From Castletown to Buxton, 13 miles. This is a very uneasy stage to travel by the nearest way, over a hilly country. The whole of this upper end of Derbyshire is full of minerals; for many miles you see the gravel lying in great heaps, almost as white as snow, which has been taken out at every shaft or sink they have made. There are many places in almost a line for miles together where the vein runs. In many places coming over a hill you imagine you are coming into a water, when there is a rocky narrow vale but neither spring nor running water, but very fertile pasture. In general the farm-places are pretty far distant, and two or three live at the same place. They have pump wells, which scantily afford water. They have puddled ponds for their cattle, which serve for a time, but in long drought they go dry; and they will haul water for their cattle at the distance of three or four miles. A great deal of very fine turnip soiI .and they are now beginning to raise them in quantities.

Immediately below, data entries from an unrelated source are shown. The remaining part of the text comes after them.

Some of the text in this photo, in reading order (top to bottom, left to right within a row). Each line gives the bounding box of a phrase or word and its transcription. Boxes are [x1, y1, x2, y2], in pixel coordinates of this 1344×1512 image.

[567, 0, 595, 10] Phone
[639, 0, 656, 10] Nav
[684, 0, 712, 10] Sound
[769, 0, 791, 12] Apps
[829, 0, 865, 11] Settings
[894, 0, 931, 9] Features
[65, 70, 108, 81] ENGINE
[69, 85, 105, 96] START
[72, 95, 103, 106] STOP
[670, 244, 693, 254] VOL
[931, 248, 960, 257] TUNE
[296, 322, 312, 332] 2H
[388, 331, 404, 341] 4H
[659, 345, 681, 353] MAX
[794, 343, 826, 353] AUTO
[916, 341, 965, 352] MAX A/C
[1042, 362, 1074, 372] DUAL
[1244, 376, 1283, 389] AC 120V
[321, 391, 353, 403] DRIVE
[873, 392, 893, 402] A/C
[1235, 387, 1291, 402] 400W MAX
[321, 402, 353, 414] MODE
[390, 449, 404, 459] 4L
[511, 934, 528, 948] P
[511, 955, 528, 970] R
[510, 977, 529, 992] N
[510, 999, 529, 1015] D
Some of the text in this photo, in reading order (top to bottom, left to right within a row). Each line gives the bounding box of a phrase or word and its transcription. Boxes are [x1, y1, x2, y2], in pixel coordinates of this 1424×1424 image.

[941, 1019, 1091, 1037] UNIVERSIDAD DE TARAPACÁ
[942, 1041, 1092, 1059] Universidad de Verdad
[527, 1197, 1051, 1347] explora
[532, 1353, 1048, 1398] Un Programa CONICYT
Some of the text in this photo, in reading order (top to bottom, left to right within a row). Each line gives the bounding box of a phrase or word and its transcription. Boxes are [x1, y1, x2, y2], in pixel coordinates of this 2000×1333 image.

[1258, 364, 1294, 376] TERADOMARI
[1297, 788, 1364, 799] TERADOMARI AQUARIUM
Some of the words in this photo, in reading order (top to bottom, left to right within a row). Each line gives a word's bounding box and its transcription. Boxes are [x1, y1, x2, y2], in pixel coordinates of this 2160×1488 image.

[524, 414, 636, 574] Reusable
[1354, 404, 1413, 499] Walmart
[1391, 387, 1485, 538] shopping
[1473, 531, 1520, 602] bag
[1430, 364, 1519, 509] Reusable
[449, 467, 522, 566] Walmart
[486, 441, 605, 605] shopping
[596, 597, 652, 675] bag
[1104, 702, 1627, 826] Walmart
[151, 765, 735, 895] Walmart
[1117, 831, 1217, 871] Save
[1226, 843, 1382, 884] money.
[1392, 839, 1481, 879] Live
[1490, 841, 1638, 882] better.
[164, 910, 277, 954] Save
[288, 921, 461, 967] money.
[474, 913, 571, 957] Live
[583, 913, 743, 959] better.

Buxton stands on a low vale on the side of a small river. The river below the town is romantic – terrible rocks and precipices. The town is neat and well-built; all white freestone, fine-polished. The” Circuit” is a fine building, which would cost many thousand pounds; thirty or forty families may lodge in it. The Assembly Room is one of the largest I ever saw; the stables are above 550 yards distant; they have the look of a very large barrack. I forget the number of horses and carriages that can be lodged here, but it is very incredible like. Here I paid sixpence for a drink of water.There is very little appearance of industry here; they live by the company that resort to it in summer. In winter they have little or nothing to do. Coming along the last stage, I find they enclose the land with stone dykes, six feet high, besides a cobble cope. The enclosures being small, the inclosing must cost double the value of the ground. They say it shelters both corn and grass. Access to the south very steep.


From Buxton to Newhaven, 9 miles. This is now a fine open country, dry soil, and some very good farming. I saw some cattle (all Irish) feeding on some very good pasture. Coming forward, I found the land is laid out into large regular enclosures, and seems all brought in from Commons. Newhaven, a very excellent inn, and on the most extensive scale I ever saw any. Here they could put up fifty gentlemen and their horses without being thronged. Everything clean and in good order. I was very civilly used. The landlord, a fine farmer, and has 200 acres in fine order. The building of the house and offices cost the Duke of Devonshire £5000. It stands on a rising-ground, and has fine access every way.

Manchester: [7th April]

On Wednesday morning I set out for Manchester, 18 miles. This stage is very level, the soil very variable. Here for the first time I saw a corn mill since passing Penrith; also a good many cotton mills-some going by steam, others by water. Coming on towards Manchester are some very fine villas, belonging to manufacturers. Hedges here are very well taken care of, and things begin to have a more regular appearance. This is a large, flourishing-like place, the houses all of brick; and many new buildings going on. Here they have a very large butcher market; but a great many sell meat in their own houses. They all kill cow beef in this country, and  all supplied from Skipton and other places in the west of Yorkshire and Chester. I have never seen a Highland stot since coming on English ground, save twenty at Preston. The fruit here is plentiful, and well preserved. Apples for a penny sufficient for a man to eat.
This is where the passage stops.